Creative engineering solutions win praise at the Big Bang Festival South East

Joe Slattery and Ryan Billings

Barton Peveril students impressed the organisers of the Big Bang Festival South East with two ingenious projects. They joined 9,000 young people from around the region at the South of England Showground at Ardingly to share their ideas and watch popular science in action.

Joe Slattery and Ryan Billings* presented their ‘Noctural Greenhouse’ and the ‘Stokey’ team of George Bates, Hannah Bray, Maisha Chaudhery and Tom Valois demonstrated their stock taking app for smartphones.

Hannah Bray, Maisha Chaudhery, George Bates and Tom Valois

Noctural Greenhouse was a 50cm-sided cube made of flat pack panels and fitted with LED lighting to promote photosynthesis. It won the Ricardo Prize for Innovation and Technology at the Festival. Judges praised the model and the team’s confident presentation of their project as well as their additional research into the use of yeast to increase the amount of carbon dioxide within the cube.
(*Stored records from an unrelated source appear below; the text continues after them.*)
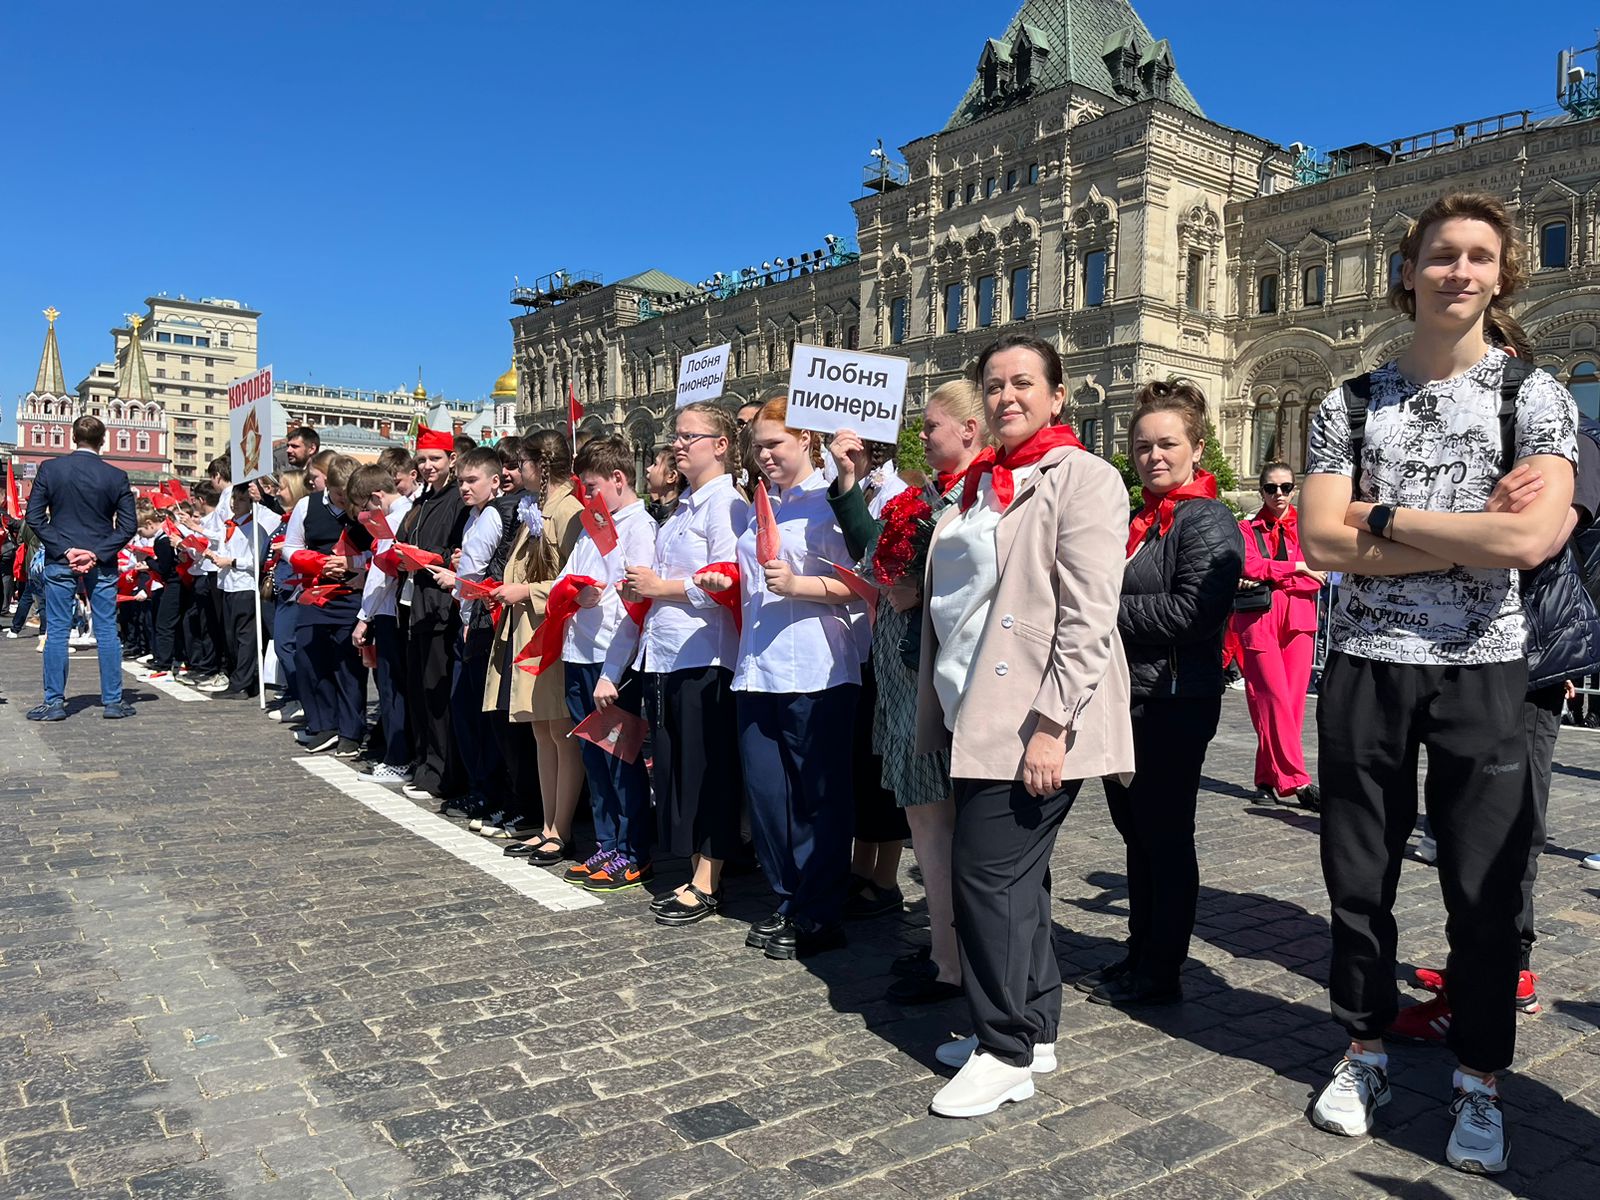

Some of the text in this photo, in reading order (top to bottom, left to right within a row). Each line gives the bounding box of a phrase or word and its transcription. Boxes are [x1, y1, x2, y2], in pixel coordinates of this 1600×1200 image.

[686, 353, 721, 374] Лобня
[807, 357, 889, 389] Лобня
[228, 368, 271, 410] КОРОЛЁВ
[678, 371, 723, 394] пионеры
[791, 389, 897, 421] пионеры
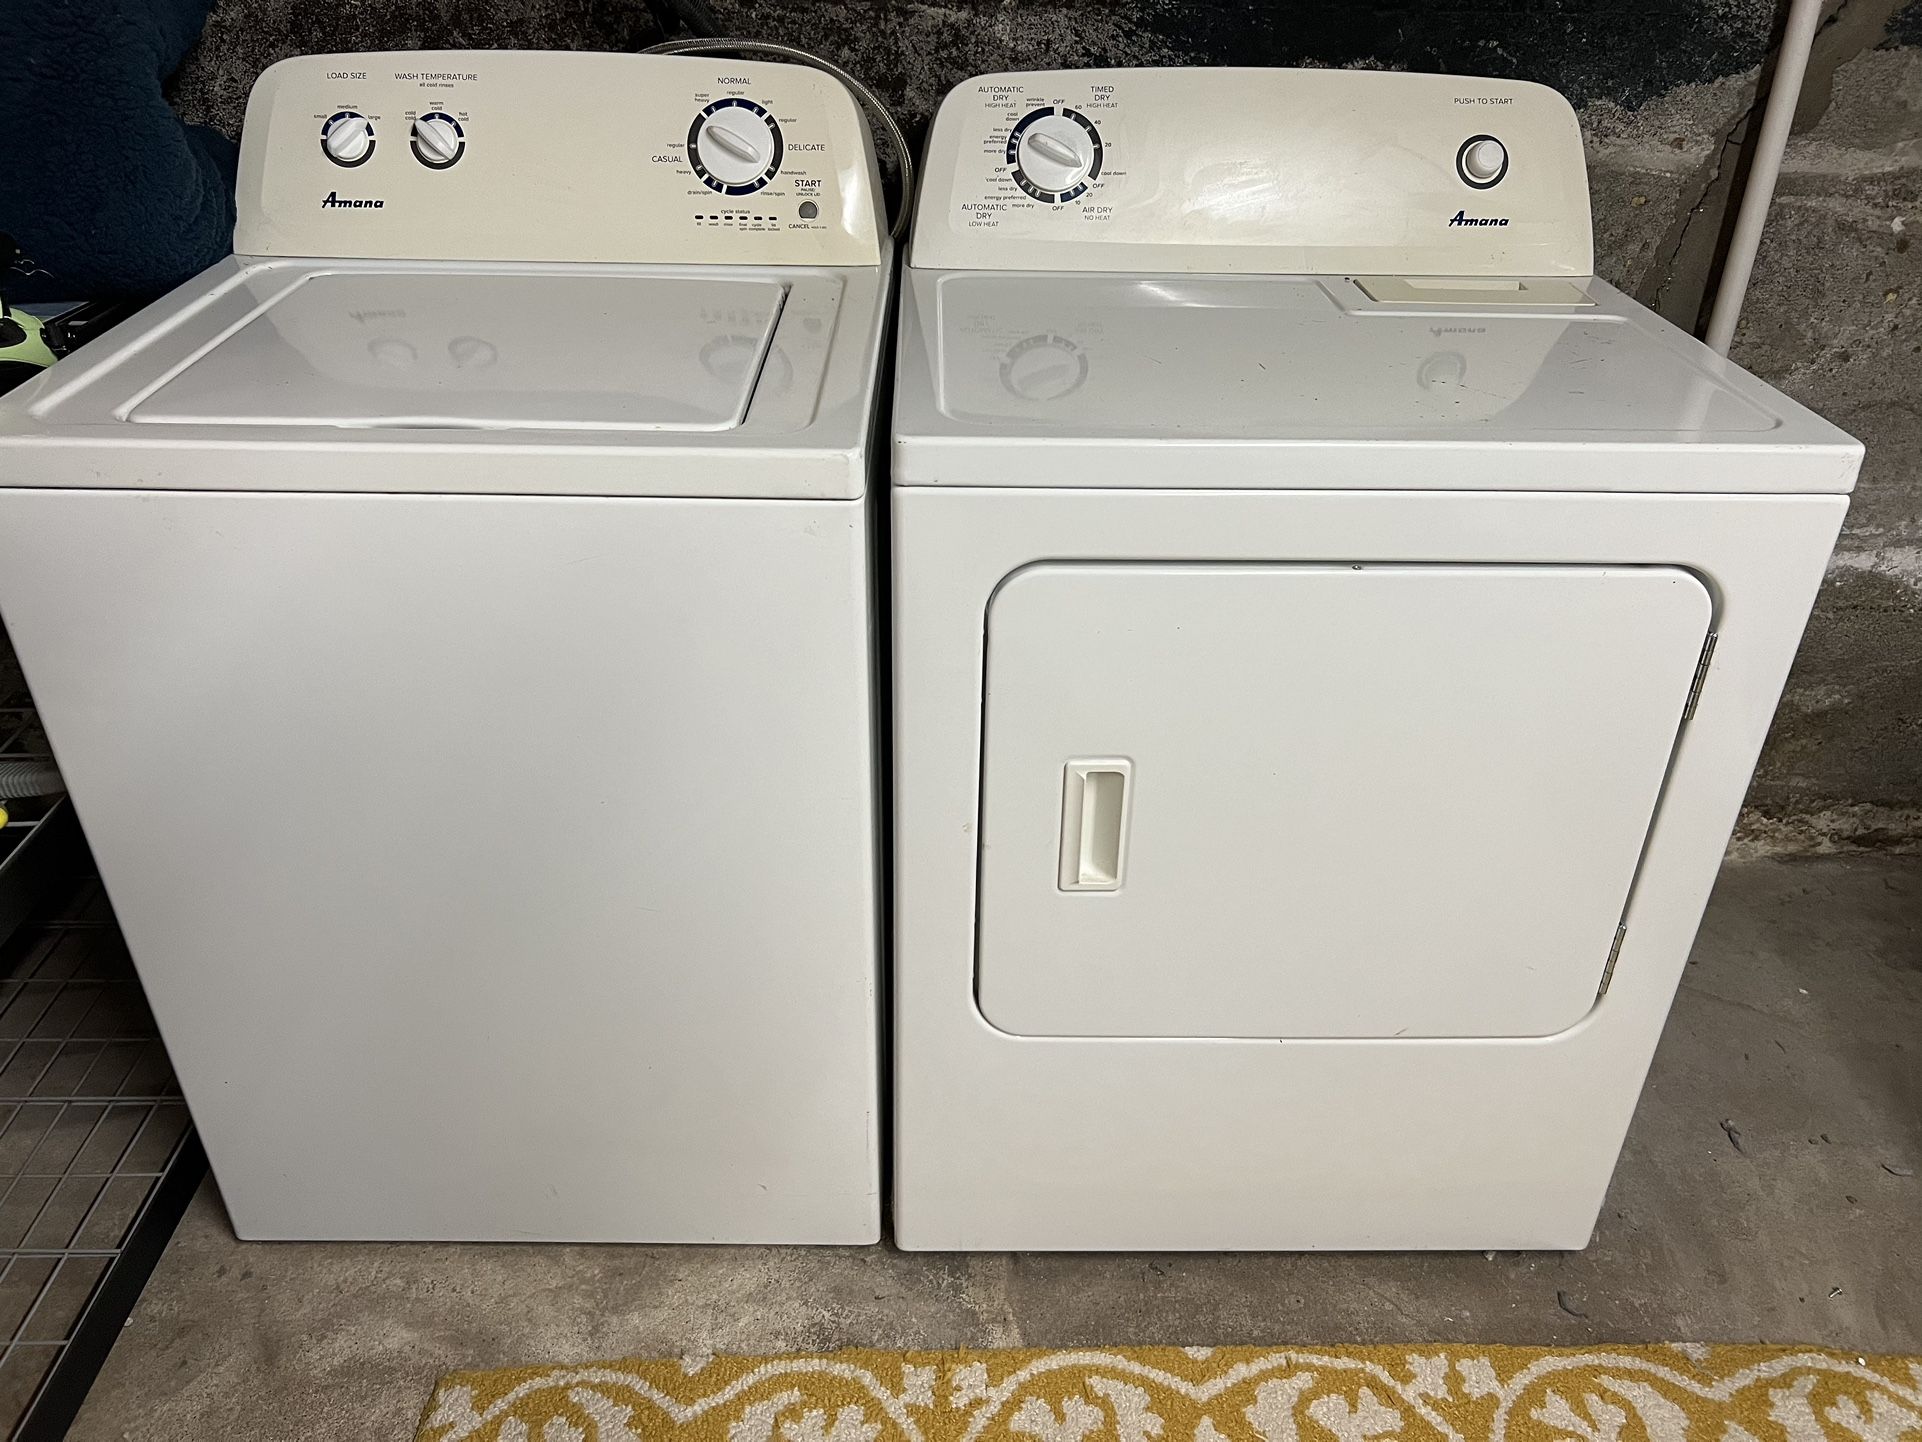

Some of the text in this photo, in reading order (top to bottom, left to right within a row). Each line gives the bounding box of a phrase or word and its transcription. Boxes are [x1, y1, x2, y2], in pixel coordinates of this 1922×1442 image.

[326, 72, 367, 80] LOAD SIZE
[394, 72, 478, 81] WASH TEMPERATURE
[717, 77, 752, 85] NORMAL
[992, 94, 1009, 102] DRY
[1453, 97, 1476, 105] PUSH
[1477, 97, 1488, 105] TO
[787, 143, 826, 152] DELICATE
[651, 155, 684, 163] CASUAL
[794, 179, 822, 188] START
[321, 191, 385, 209] Amana
[961, 203, 1008, 211] AUTOMATIC
[1081, 206, 1113, 214] AIR DRY
[975, 212, 993, 220] DRY
[1448, 210, 1510, 227] Amana
The stocktaking app was designed to help warehouse staff check on stock levels. Judges said it was a great practical idea with real potential for small businesses and the team worked well together and was self-managed.

Maths teacher Jane Chapman worked with the students on this engineering extension initiative. “The teams did very well to come up with such innovative ideas and present them very professionally at the Festival.”

*Other team members not at the Festival were Thomas Field, Sophie Rouse, Jamie Fisher and Archie Hicks.